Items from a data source
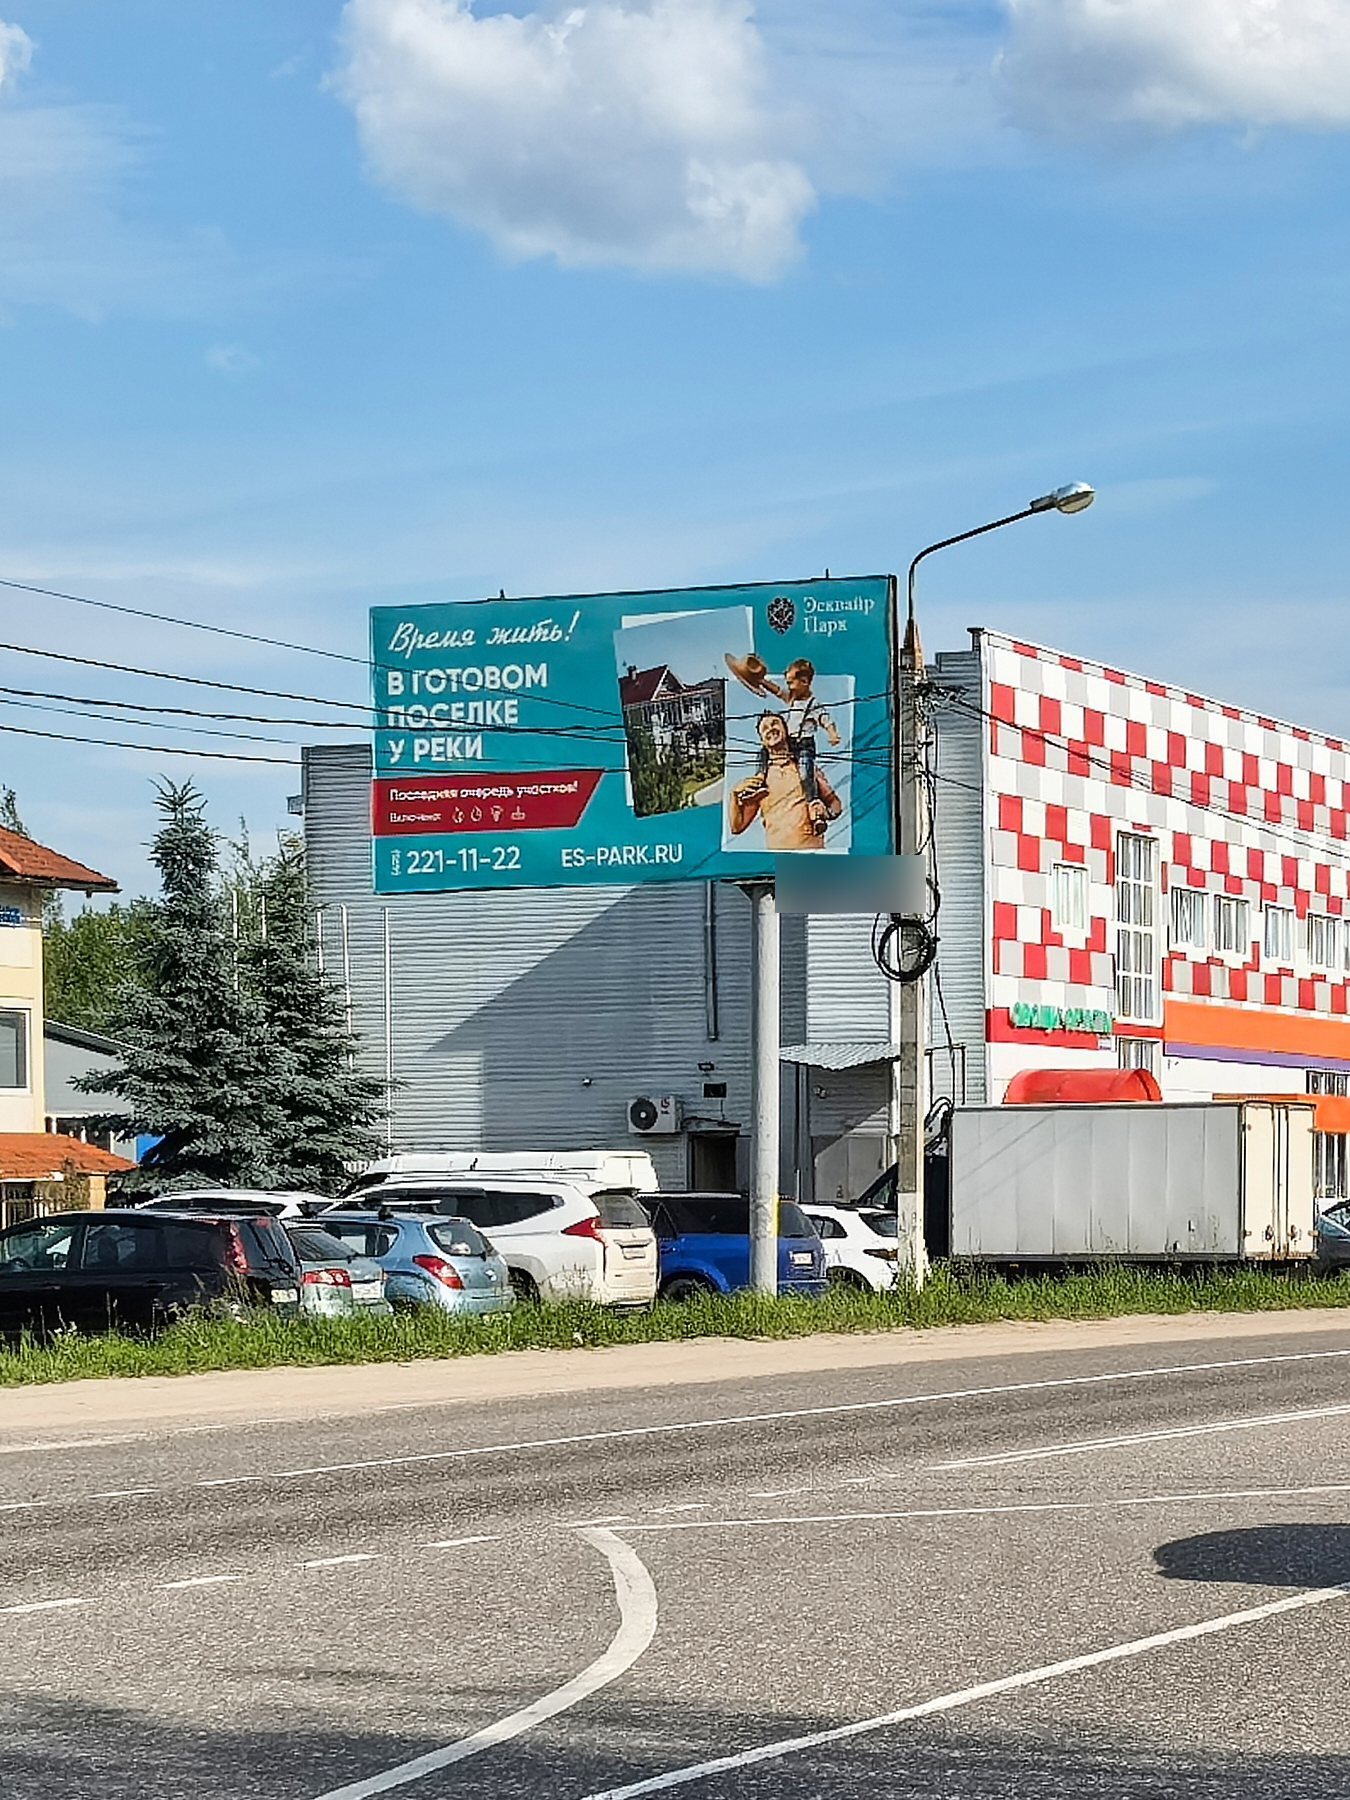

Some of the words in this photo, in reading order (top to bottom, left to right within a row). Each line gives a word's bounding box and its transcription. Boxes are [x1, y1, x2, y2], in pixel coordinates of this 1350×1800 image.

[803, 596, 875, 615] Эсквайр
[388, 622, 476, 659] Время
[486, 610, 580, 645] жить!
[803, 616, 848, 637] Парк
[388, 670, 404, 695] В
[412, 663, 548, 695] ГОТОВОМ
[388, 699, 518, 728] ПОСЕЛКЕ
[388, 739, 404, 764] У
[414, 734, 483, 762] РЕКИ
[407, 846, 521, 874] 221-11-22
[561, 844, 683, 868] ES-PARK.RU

ACTIVITY
Set down a word-for-word copy of the records, dropping any picture.

RESULT
Some of the words in this photo, in reading order (top to bottom, left to right within a row). Each line gives a word's bounding box and its transcription. Boxes are [x1, y1, x2, y2], in pixel coordinates of this 1350×1800 image.

[803, 596, 875, 615] Эсквайр
[388, 622, 476, 659] Время
[486, 610, 580, 645] жить!
[803, 616, 848, 637] Парк
[388, 670, 404, 695] В
[412, 663, 548, 695] ГОТОВОМ
[388, 699, 518, 728] ПОСЕЛКЕ
[388, 739, 404, 764] У
[414, 734, 483, 762] РЕКИ
[407, 846, 521, 874] 221-11-22
[561, 844, 683, 868] ES-PARK.RU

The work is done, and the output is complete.